States have rigid spending requirements – on salaries, pensions, interest – and rising debt on top of it all. This is squeezing their fiscal flexibility as well as investment capacity, despite their having collected more money in FY24. Put differently, revenue expenditure is crowding out capital spending across Indian states, even as the capex is rising in absolute terms.
These are some of the findings in the latest edition of the Comptroller and Auditor General's (CAG) "State Finances, 2023-24: Decadal Analysis" report, released on December 25 last year.
Also read: Capital Expenditure by Centre, States, Central Public-Sector Enterprises May Decline in FY25: Report
The findings help explain why ever-growing state budgets – and higher tax collections – do not always translate into more or better classrooms, lecture theatres, hospital rooms or other public services across the country. Revenue expenditure is 83.25% of the total expenditure, CAG finds, and capital expenditure is 16.75%. In value terms, the capex is Rs 7.84 lakh crore, while the revenue expenditure is Rs 38.96 lakh crore.
Nearly 60% of state budgets are committed expenditure and subsidies are not the biggest revenue expenditure item. Source: CAG report on State Finances, 2023-24, December 2025
This 80:20 split, where revenue expenditure dominates total spending by a wide margin, has been a consistent trend in India. The bottomline of this trend is that states end up spending more to run the government and meet their obligations, but just do not have enough left to build future growth capacity.
Salaries and wages, pensions, interest payments on debt, subsidies, grants-in-aid for state-supported bodies and day-to-day operations and maintenance are hard to cut quickly and must be paid regularly. But they generate little in terms of long-term assets. These revenue expenditures take up 83.25% of state budgets.
Roads, bridges, power, water, sanitation infrastructure, schools, hospitals and equity for state-owned enterprises are, therefore, pushed down the priority list in states. They languish at lower shares of the total expenditure even though they are meant to create assets that are badly needed.
CAG report on State Finances, 2023-24, decadal analysis, December 2025
The situation is such that states are forced to borrow more to fulfil their immediate obligations. And this, again, does not help create matching assets. What the CAG report essentially highlights is that the stress in Indian states is not just over a lack of finances but over what it is being poured into.
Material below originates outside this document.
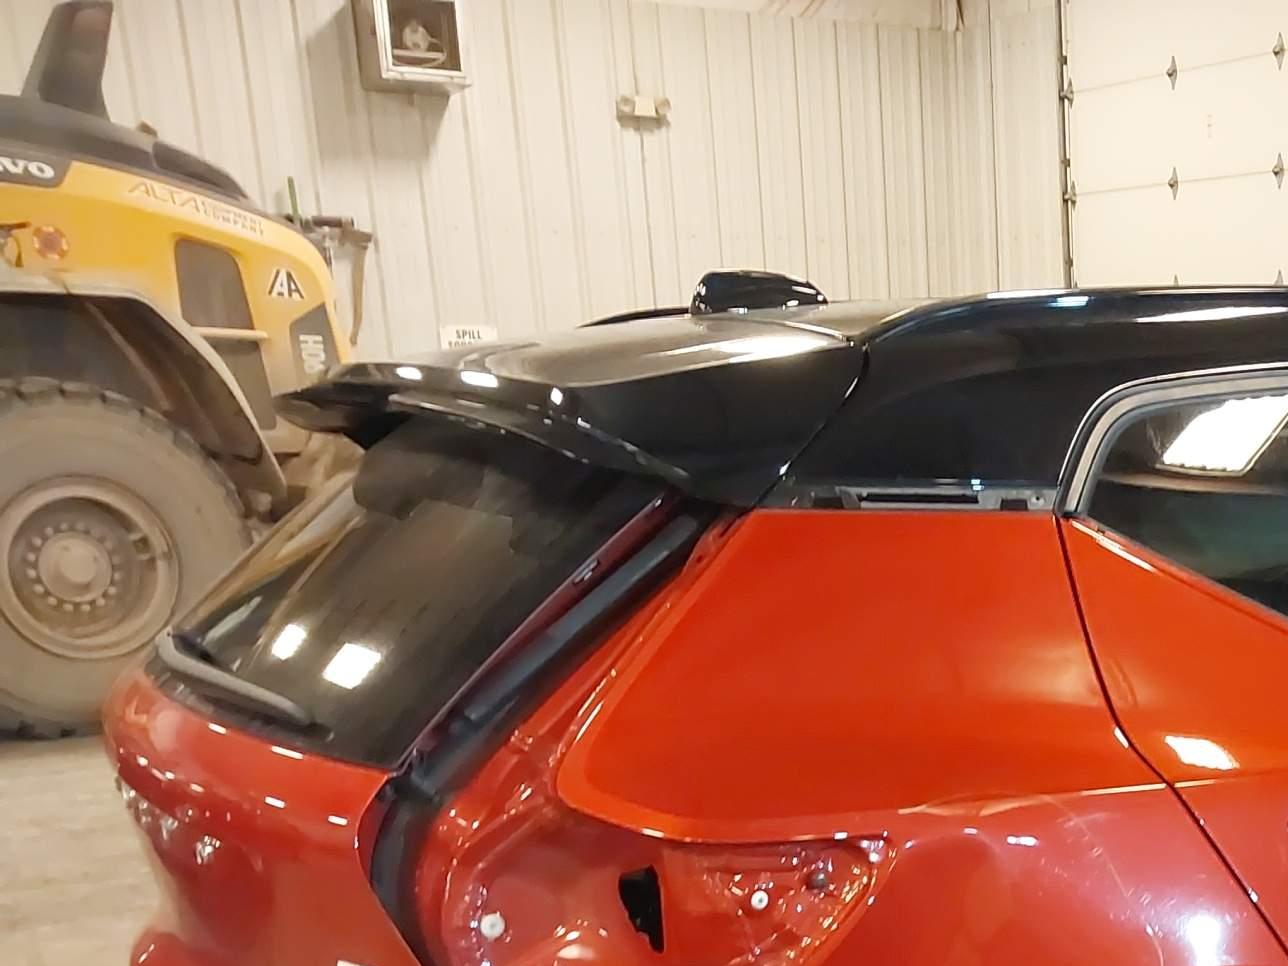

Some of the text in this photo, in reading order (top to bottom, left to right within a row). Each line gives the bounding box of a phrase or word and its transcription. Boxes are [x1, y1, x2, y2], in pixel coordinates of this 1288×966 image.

[0, 156, 55, 178] VO
[127, 181, 201, 213] ALTA
[455, 329, 482, 340] SPILL
Under the constitutional scheme, majority of capex – including the asset-building kind, which is meant to last generations such as state highways, district roads, irrigation projects, water supply and sanitation, equity for state PSUs and state-level infrastructure loans – are primarily the states' responsibility.
At the same time, schools, hospitals, electricity, power generation and other social and economic infrastructure are often based on cost-sharing between the Union government and the states. And then there are projects in which there is very little state capex directly, such as airports, ports and interstate power transmission networks.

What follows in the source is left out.